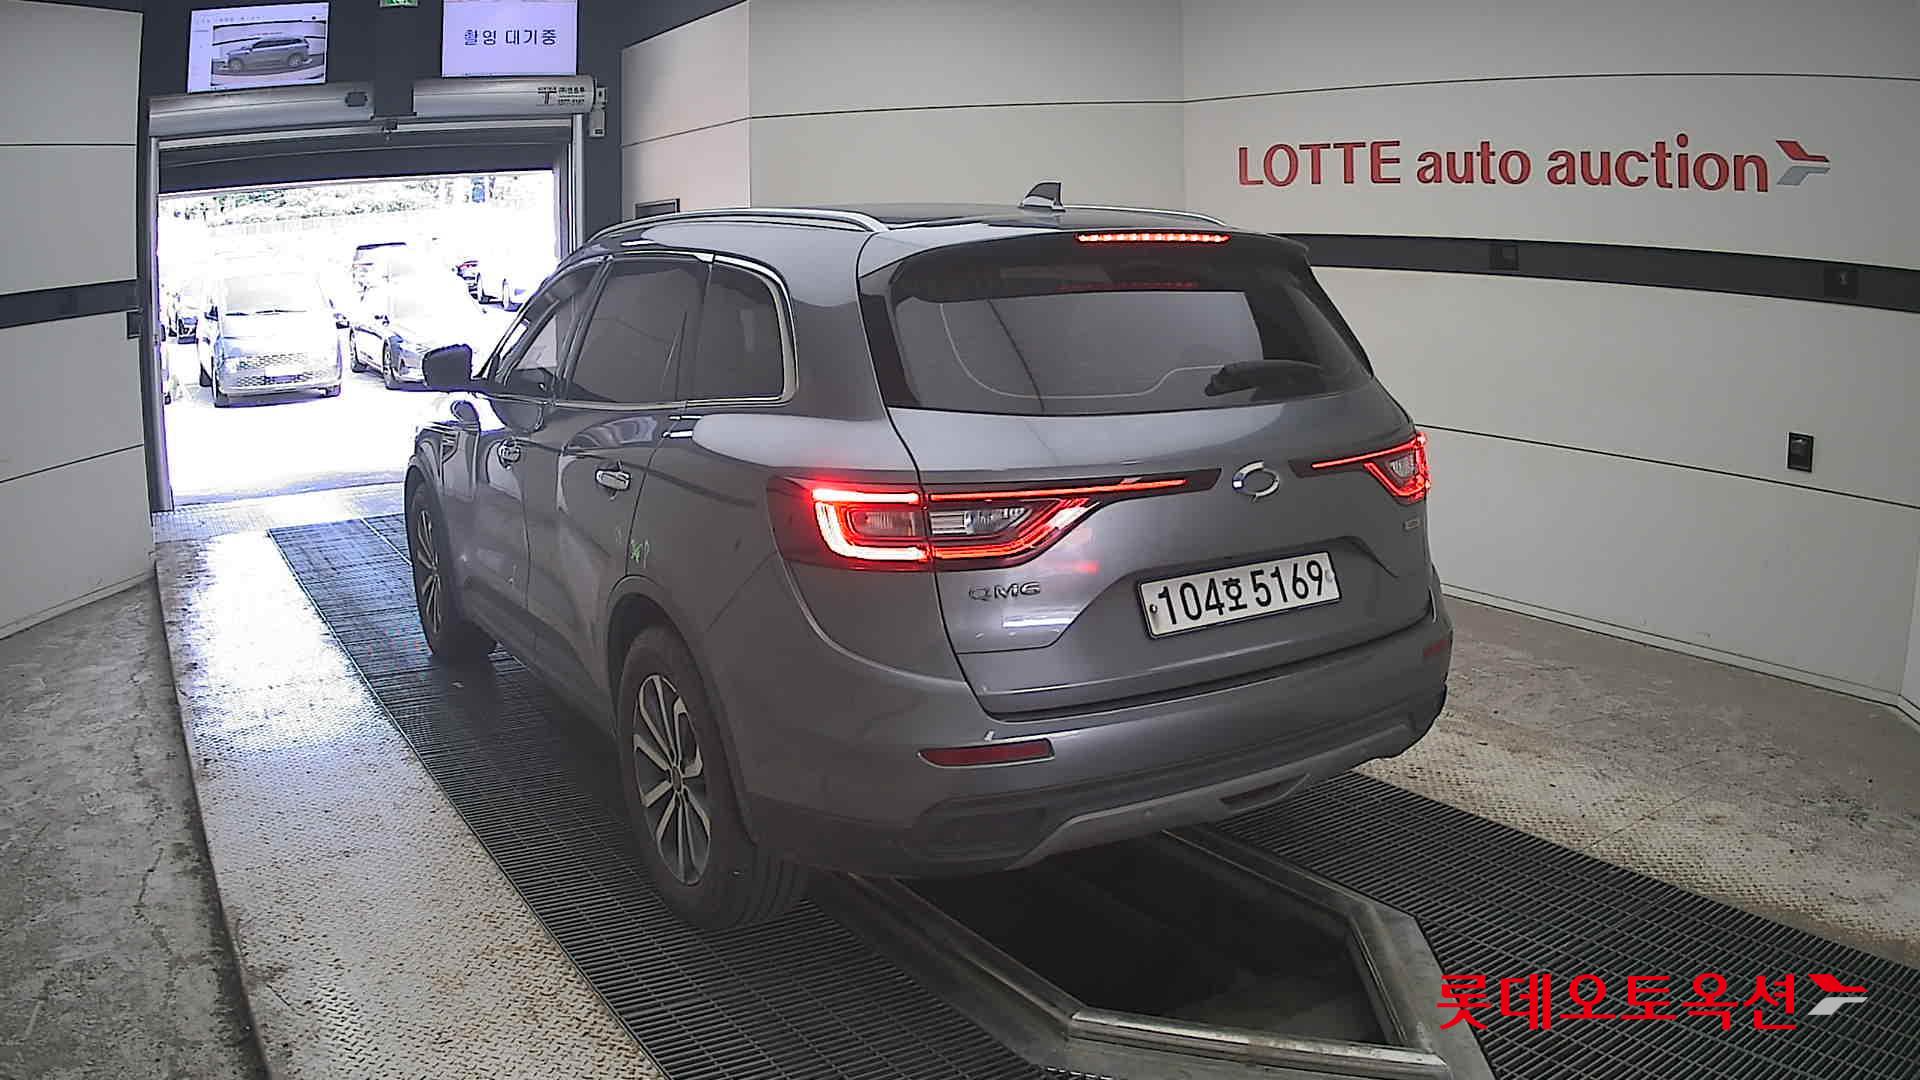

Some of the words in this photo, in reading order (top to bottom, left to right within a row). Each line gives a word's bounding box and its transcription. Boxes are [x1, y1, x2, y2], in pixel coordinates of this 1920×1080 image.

[505, 29, 557, 46] 대기중
[1238, 140, 1400, 187] LOTTE
[1416, 140, 1532, 186] auto
[1546, 133, 1769, 193] auction
[1157, 577, 1248, 626] 104호
[1249, 559, 1324, 608] 5169

________

== Instructions for the task ==
Give back an exact copy of the material above, omitting the pictures.

== Answer space ==
Some of the words in this photo, in reading order (top to bottom, left to right within a row). Each line gives a word's bounding box and its transcription. Boxes are [x1, y1, x2, y2], in pixel coordinates of this 1920×1080 image.

[505, 29, 557, 46] 대기중
[1238, 140, 1400, 187] LOTTE
[1416, 140, 1532, 186] auto
[1546, 133, 1769, 193] auction
[1157, 577, 1248, 626] 104호
[1249, 559, 1324, 608] 5169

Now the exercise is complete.